As for stalking, how ludicrous! Not turning a corner to find him, loin cloth,
poised to pounce. Instead I find him
standing in t-shirt and jeans making a pot of tea at the Ranford cabin wood
stove!
The Ranford cabin is at the other end of Main Street, with
the Ranford name carved on a panel of the front door. I went there this afternoon because I remembered
seeing a piece of screen on the back porch which I needed to patch a
window. I knelt to pry the screen from
between two boards and, as I stood, something dark blue, almost invisible in
the deep grey interior of the cabin, moved slowly inside the kitchen. I stepped to the door quietly, peered in, and
saw him. Or his back, at least, bending
to pour boiling tea water into a pot.
The strange part is I somehow knew,
immediately, that this was no ordinary hiker with a backpack for me to
scavenge. There have been no signs of
his arrival or presence, and he is suddenly here. But, more than that, he pulled my attention
in a different way than the hikers did – something similar to those times back
in the real world when I would walk into a room full of people and sense one
particular person’s presence, in peripheral view, before really looking at them
– a recognition at subterranean levels.
This was similar, except the context was not a room full of people but
the silence and stillness of my ghost town.

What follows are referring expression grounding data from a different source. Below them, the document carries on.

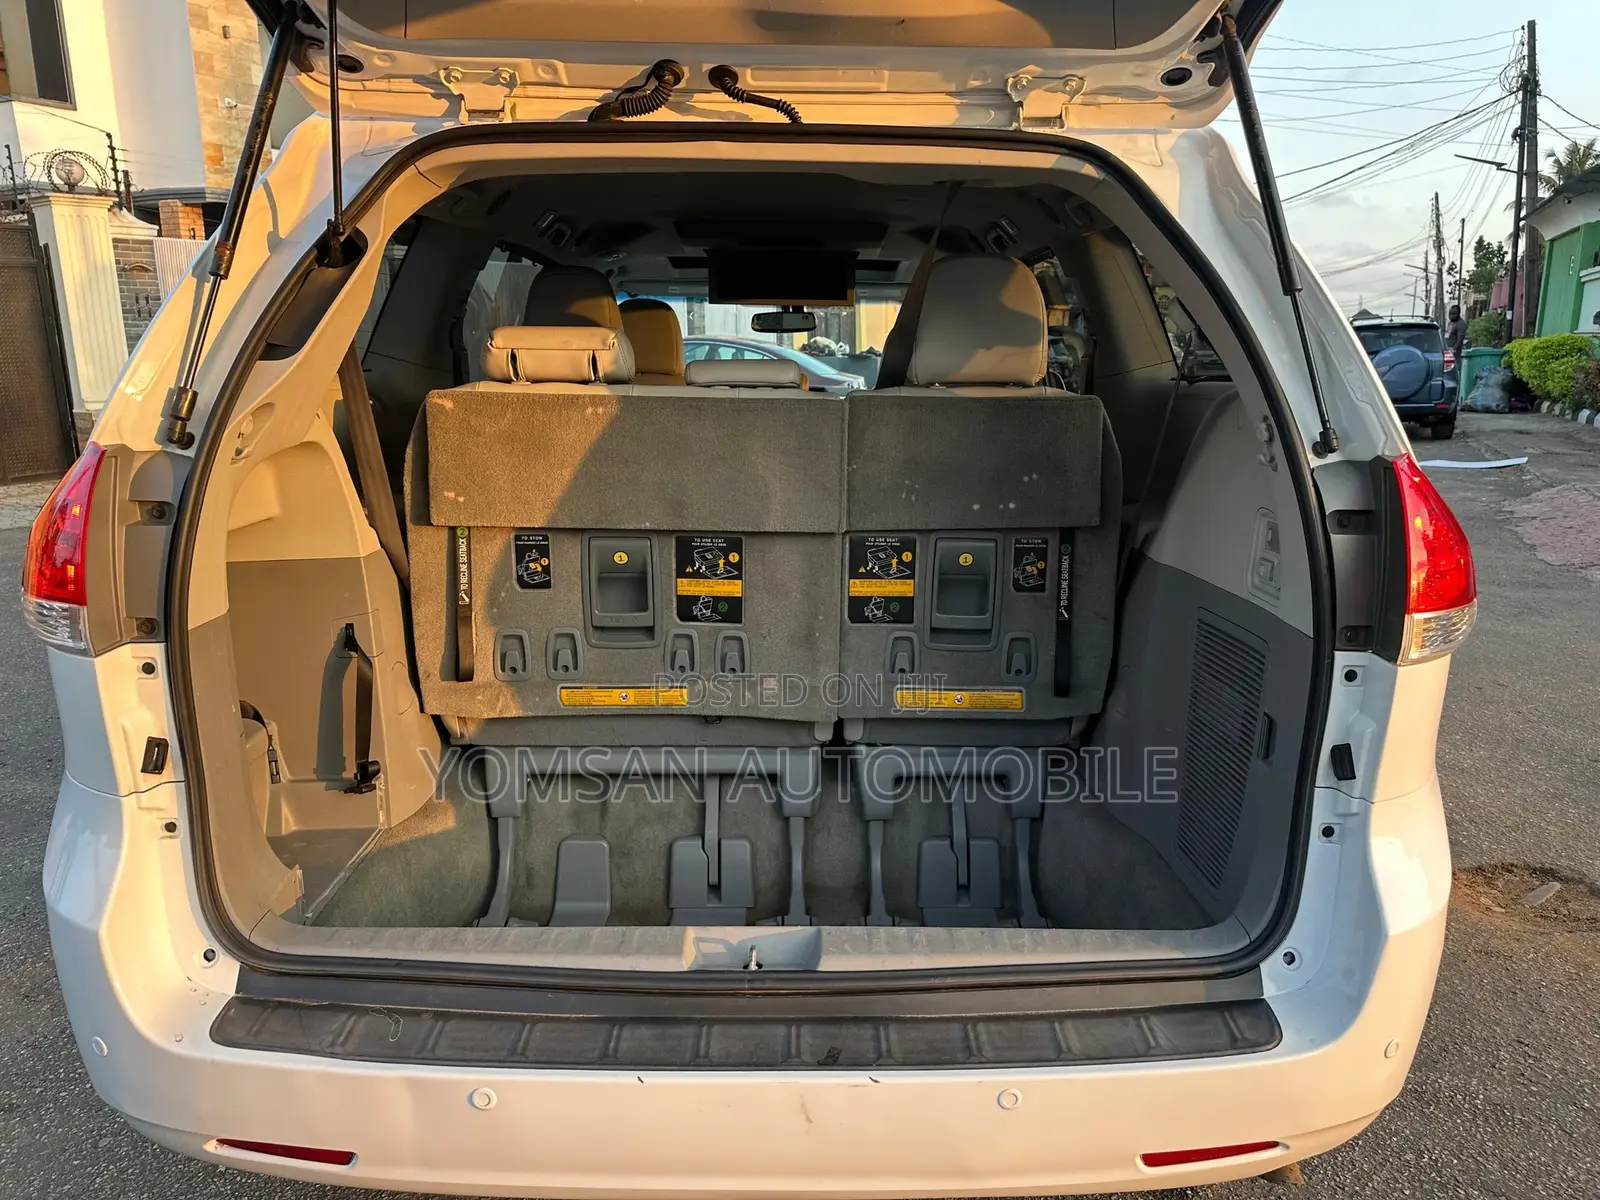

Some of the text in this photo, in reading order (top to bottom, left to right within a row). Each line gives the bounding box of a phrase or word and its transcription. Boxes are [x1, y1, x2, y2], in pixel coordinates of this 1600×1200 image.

[459, 538, 468, 563] SEATBACK
[460, 564, 468, 583] RECLINE
[1061, 555, 1069, 579] SEATBACK
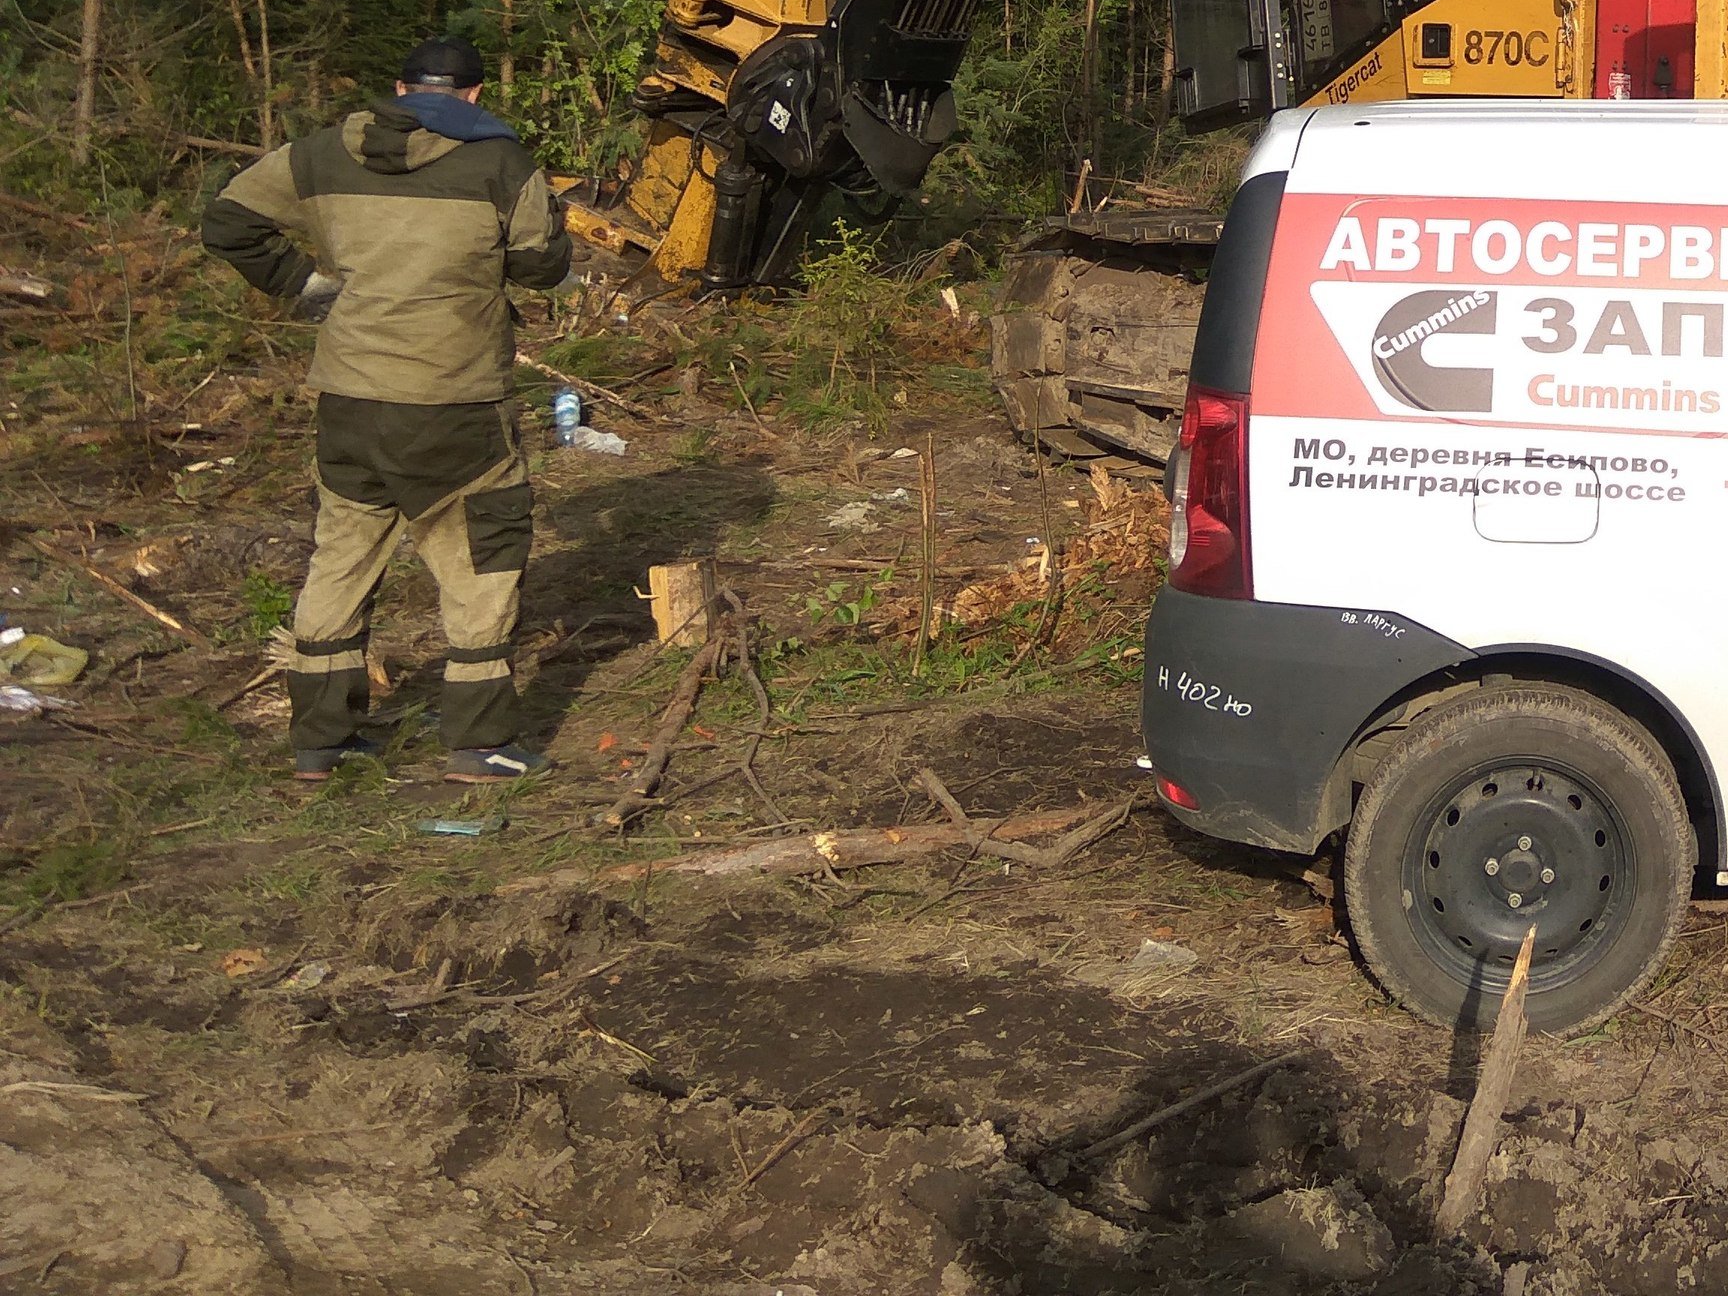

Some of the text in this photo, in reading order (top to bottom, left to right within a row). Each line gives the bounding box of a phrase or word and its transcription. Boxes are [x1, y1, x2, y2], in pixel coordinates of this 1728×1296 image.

[1464, 30, 1550, 67] 870C
[1324, 52, 1382, 106] Tigercat
[1373, 288, 1490, 360] Cummins
[1527, 374, 1721, 414] Cummins
[1293, 438, 1679, 479] МО, деревня Есипово,
[1289, 467, 1687, 503] Ленинградское шоссе

He drew my attention so fully that I forgot to be afraid he’d see me,
and it is this that has me so disturbed.
Not only does this visitor puzzle me, but
the details are odd – like the look of the teapot. Not a camper’s tin, but cream colored, with
tiny red flowers clustered on the front, and a chip in the handle. And what about the wood stove fueled up and
burning? I didn’t see chimney smoke when
I walked toward the cabin, nor smell it when I was on the back step. Yet there he was, bending to pour steaming
tea.
He didn’t seem to see or hear me, which is
peculiar. It’s so silent here, the
slightest noise is heavy on your eardrums, and we were standing only about six
feet apart. He should have at least sensed
a change in the airflow from the doorway or felt my shadow cross his
light. But he didn’t turn, just
continued his task. I heard the sound of water pouring, saw the steam
rising. I pulled back quickly, off the
porch, around the cabin, ran back here,
and bolted the door. Not the brave,
stalking landlady…
The next excerpt is a bit of a scene which
takes place in a New Mexico
truck stop on Route 66. Two people are trying to travel solo down that infamous
highway, but something about their past lives in Mesoamerica
seems to want to interfere with their plans…
Excerpt from JOURNEY FROM THE KEEP OF BONES (Amador Publishers 2003)
From Chapter 28: The Mother Road
He
had imagined being on the road would feel free, no rules to obey, no
restrictions. Apparently he was
wrong. There was a whole other hierarchy
out here. He was no better than a
fast-food, French-fry boy with a master’s degree in philosophy,
his first day on the job. He would have
to apprentice at this hitchhiking business, swallow his pride, work his way up
to pro level. He should have picked up a
paperback about this; surely there was some sort of “Hiker’s Rules of the
Road”. He’d read Kerouac’s On the Road, of course, but that was
written almost forty years ago. Maybe
Route 66 wasn’t even Steinbeck’s Mother
Road or the Road of Flight anymore. Hell, The
Grapes of Wrath came out in ’39.
Looked like it was too late for him to do this trip. Wrong generation, almost sixty years too late.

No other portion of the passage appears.